Tuesday, June 26, 2018

Garbage

You should be thinking about garbage. If you're not, the world you're designing will have some serious flaws. Wherever people are, there's the possibility that they will leave things behind. In fact, it's one of the main ways we can tell that people have been in a place - looking for their leavings. Midden heaps featured shells, useless bones and broken pottery. These days we might see lots of plastic packaging. Leaf packaging, or plant fiber packaging, might last less well because it's biodegradable. There are also packages that are reusable, like tins or Japanese furoshiki cloths. (One of the reasons why we have so much packaging is because it is a method of advertising.)

Kat noted that in Japan there is a lot of packaging material, but the recycling there is very picky and precise, into as many as 28 recycling categories. The more you separate, the less work it is to recycle.

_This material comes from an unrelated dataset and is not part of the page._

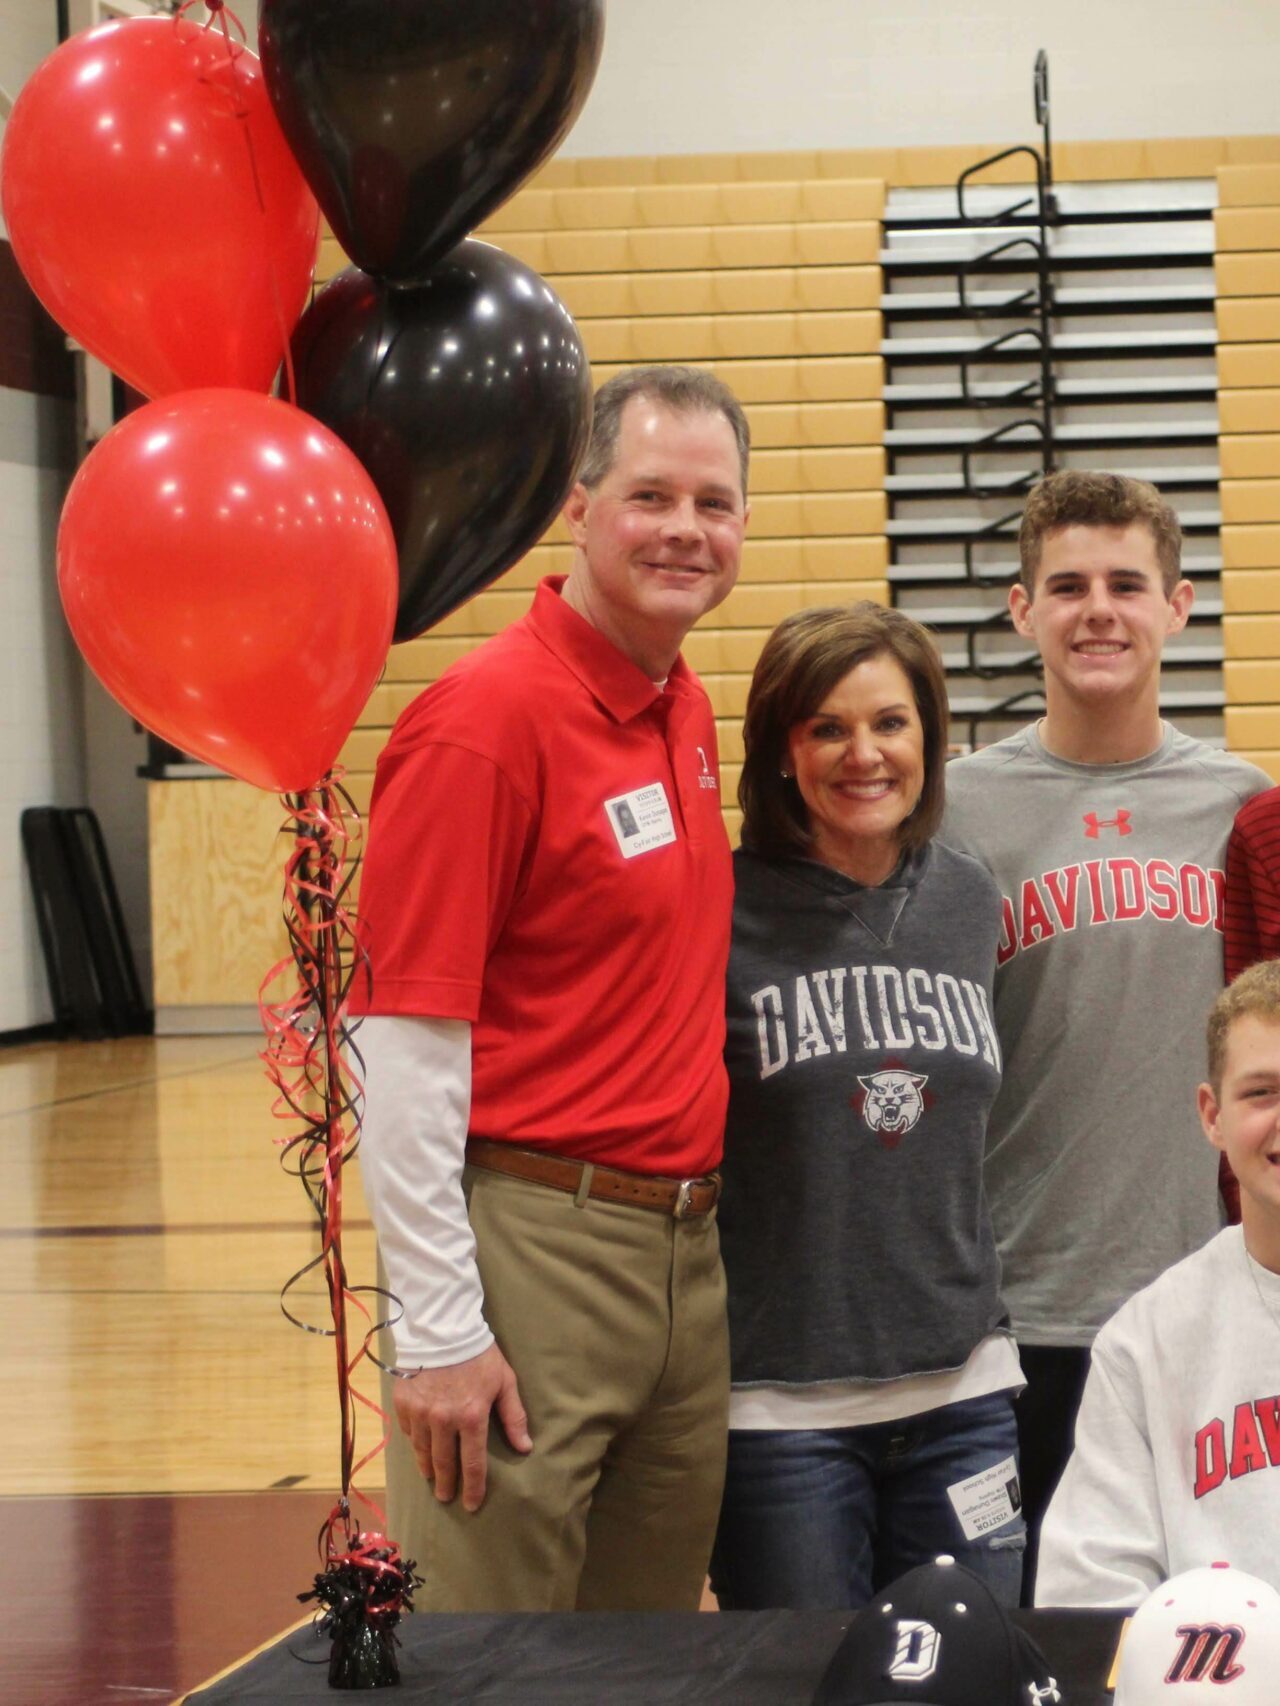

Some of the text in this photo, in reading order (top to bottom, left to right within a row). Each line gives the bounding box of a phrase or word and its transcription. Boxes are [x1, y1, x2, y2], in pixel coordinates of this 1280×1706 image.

[751, 966, 1002, 1080] DAVIDSON
[976, 1511, 1008, 1531] VISITOR
[889, 1621, 942, 1680] D

Neal Stephenson has written about molecular-separation recycling. That takes care of a lot of waste and renders it utterly unrecognizable! Star Trek replicators are similar. If you have a "matter box" that creates things for you, how do you feed it and with what?

If you have garbage that you want to get rid of, what do you do with it? Incinerate it? Render it into slurry? Separate it? Compost it? There are also ritual ways of handling trash.

If you can fabricate things with a replicator, it would mean you didn't have to mine for coltan or similar substances, or even recycle.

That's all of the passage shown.